RS: I’m not sure where you are really going with all that. Regardless, some will say that with this kind of talk you are burning a bridge.

GP: I like the " scuttle-the-ship " metaphor better. John Conquest has a thing he tags on to every mailing he sends out: “You’re not getting older. The music really does suck.” I mean, have you LISTENED to contemporary country radio lately?
.. ..

RS: Yes, but have you seen how that format has grown and developed. Many have seen this as a Big Tent?

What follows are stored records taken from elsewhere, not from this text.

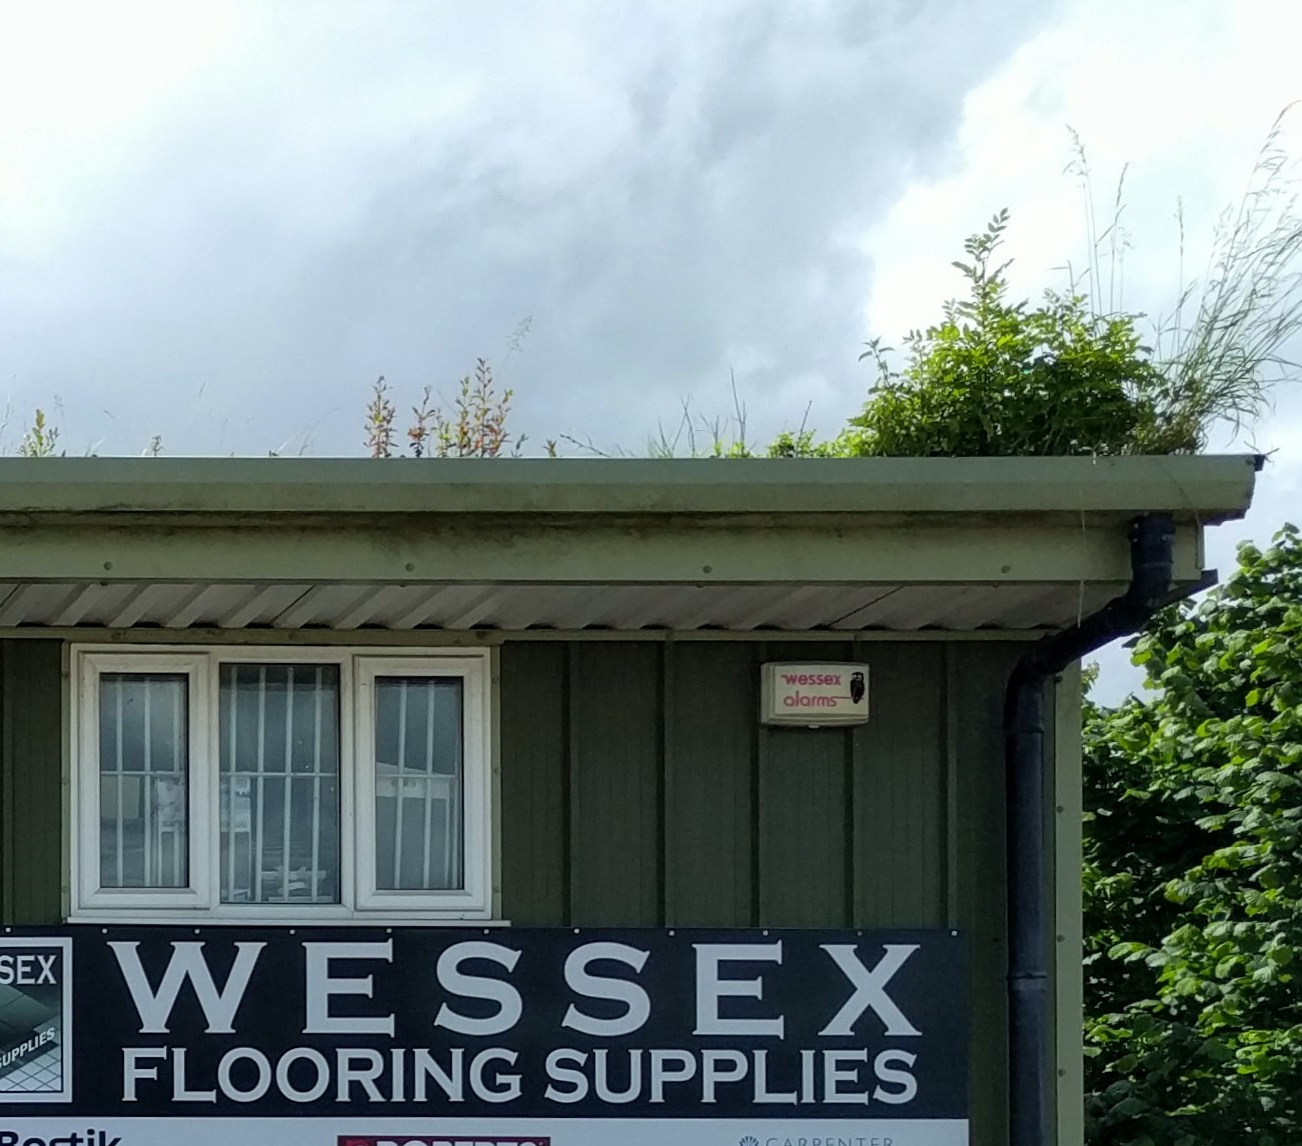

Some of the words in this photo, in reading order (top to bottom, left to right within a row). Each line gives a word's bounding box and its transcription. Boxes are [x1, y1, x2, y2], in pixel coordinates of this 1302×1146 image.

[781, 674, 842, 686] wessex
[783, 690, 838, 707] alarms
[107, 938, 923, 1040] WESSEX
[122, 1046, 523, 1103] FLOORING
[544, 1048, 918, 1105] SUPPLIES
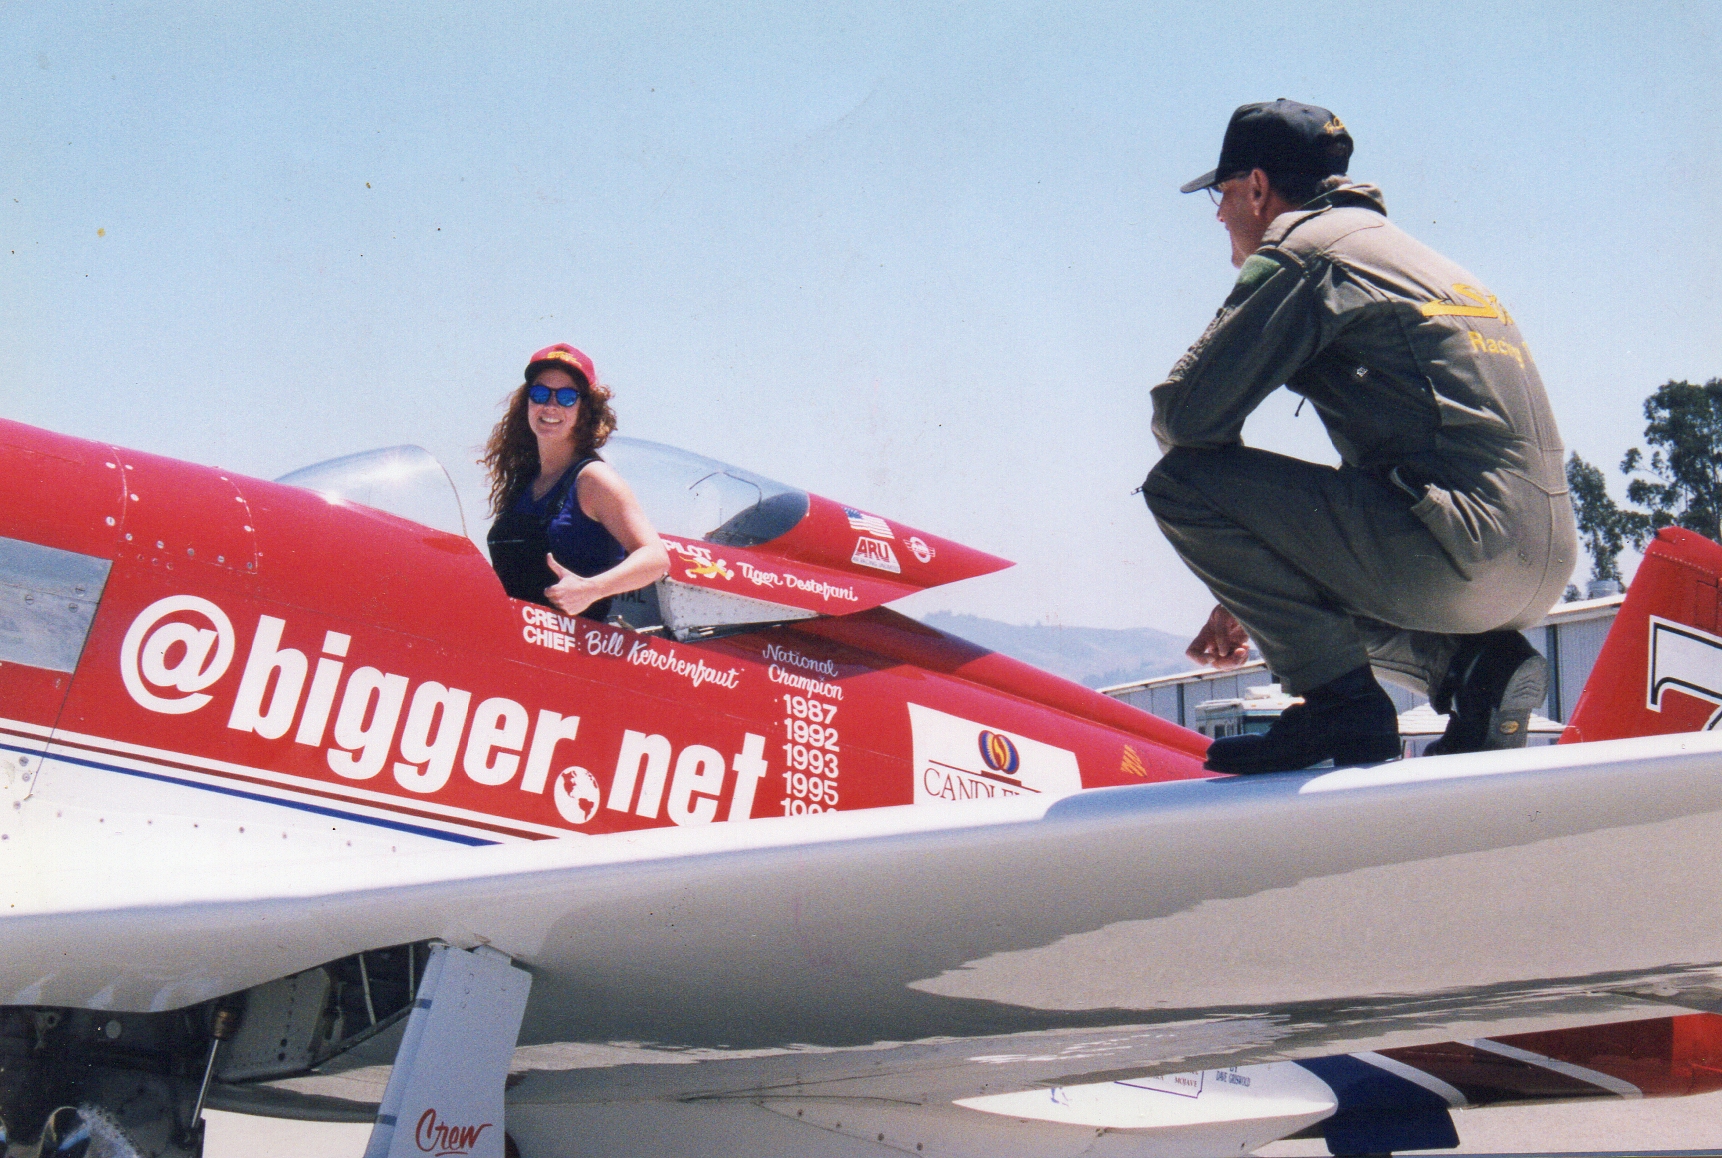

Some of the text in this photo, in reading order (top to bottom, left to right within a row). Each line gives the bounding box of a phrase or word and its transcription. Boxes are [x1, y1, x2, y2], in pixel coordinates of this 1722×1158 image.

[661, 538, 712, 561] PILOT
[855, 538, 890, 563] ARU
[736, 561, 858, 602] Tiger Destefani
[522, 606, 576, 634] CREW
[585, 630, 740, 689] Bill Kerchenfaut
[762, 643, 838, 677] National
[768, 663, 844, 701] Champion
[783, 693, 838, 724] 1987
[783, 717, 840, 752] 1992
[782, 742, 839, 778] 1993
[782, 770, 839, 805] 1995
[415, 1108, 493, 1152] Crew

RS: What I’ve seen is how the sausage gets made in ....Nashville..... A couple of middle-class, suburbanite, college dweebs who’ve never shot dope or spent a night in jail or had their truck repossessed meet for a ‘writing appointment’ on music row at 10:00 a.m. They show up in Banana Republic dress, with their Blackberries and laptops and their Starbucks Coffee in hand, all ready to write a song. And they do. Invariably the song is about sweet tea and front porches and trains and tractors and a bunch of anachronistic bullshit that they have zero relationship to or with. But then some fuzzy-nut pretty-boy with a pitch corrector and a cowboy hat that hadn’t got any sweat stains on it records the song. And then a bunch people who’ve haven’t breathed through their noses in something like ten years stop sipping coffee out of Styrofoam cups at a focus group in Missouri long enough to all agree that the song sounds just like the [naughty word removed] they’ve been hearing on the radio, and so they give it a thumbs up and the song makes it into the rotation and, eventually, the charts.
.. ..

RS: So…you’ve taken it upon yourself to change the model?
.. ..
GP: When a snake bites you, what’s the first thing you do?
.. ..
RS: What do you mean?
.. ..
GP: I mean: What’s the first thing you do?
.. ..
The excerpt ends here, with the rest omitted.